Ubisoft Film & Television (formerly known as Ubisoft Motion Pictures) is a French-American film and television production company and a subsidiary of video game publisher Ubisoft based in Montreuil and Los Angeles. The company was founded on 27 January 2011, and is in charge of producing films and television shows based on Ubisoft franchises and inspired by Ubisoft's worlds and gaming culture.

History 

Ubisoft Film & Television was created as Ubisoft Motion Pictures in January 2011 as the film production branch of the video game company Ubisoft. Its mission is to bring Ubisoft's games into new areas of entertainment and share original stories set in the world, culture, and community of gaming.

In 2012 and 2013, Ubisoft Film & Television announced a whole lineup of movie adaptations, including Assassin's Creed. On the TV side, the studio released its first kids' show Rabbids Invasion in 2013. The show, which premiered on Nickelodeon and France 3, was renewed for a second season in December 2013 and a third one in 2015. A fourth season was announced in July 2018 and was broadcast on Netflix worldwide.

Following the success of Rabbids Invasion, Ubisoft Film & Television and the French theme park Futuroscope opened the Raving Rabbids–based attraction The Time Machine in December 2013. The attraction, which has been awarded the Themed Entertainment Association Award for "Outstanding Achievement" in 2014, takes visitors for a trip through the great moments in History.

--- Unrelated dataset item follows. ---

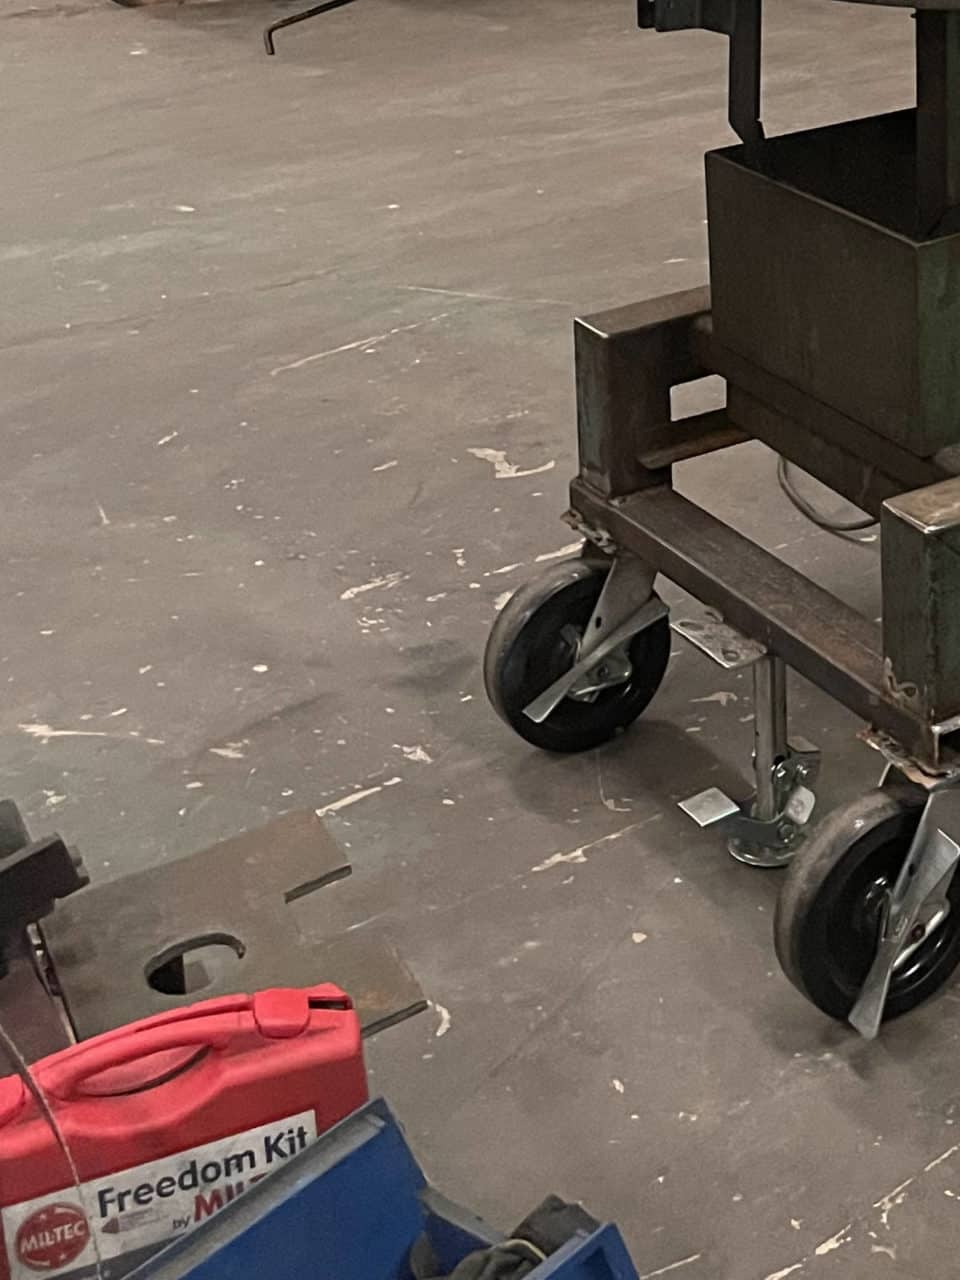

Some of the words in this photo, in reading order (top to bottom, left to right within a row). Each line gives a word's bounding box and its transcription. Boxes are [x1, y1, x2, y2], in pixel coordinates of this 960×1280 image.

[97, 1148, 256, 1218] Freedom
[263, 1125, 308, 1163] Kit
[172, 1215, 191, 1231] by

The company's first feature film, Assassin's Creed, opened in theaters in 2016 and starred Michael Fassbender and Marion Cotillard. The same year, GameSpot reported that Ubisoft is in talks with Netflix for a TV series based on their video games.

Tom Clancy's The Division is in development as a feature film for Netflix with David Leitch, Jake Gyllenhaal, and Jessica Chastain attached. Additional feature films in development include Just Dance, Rabbids, and Tom Clancy's Ghost Recon, executively produced by Michael Bay for Warner Bros.

The studio has greatly expanded its TV series lineup. Several animated projects were announced in September 2019 and a first live action TV series was launched: Mythic Quest: Raven's Banquet on Apple TV+. This project is also the first not to be attached to any Ubisoft game franchise. The series, which stars an ensemble cast that includes Rob McElhenney and F. Murray Abraham, has been renewed for a second season.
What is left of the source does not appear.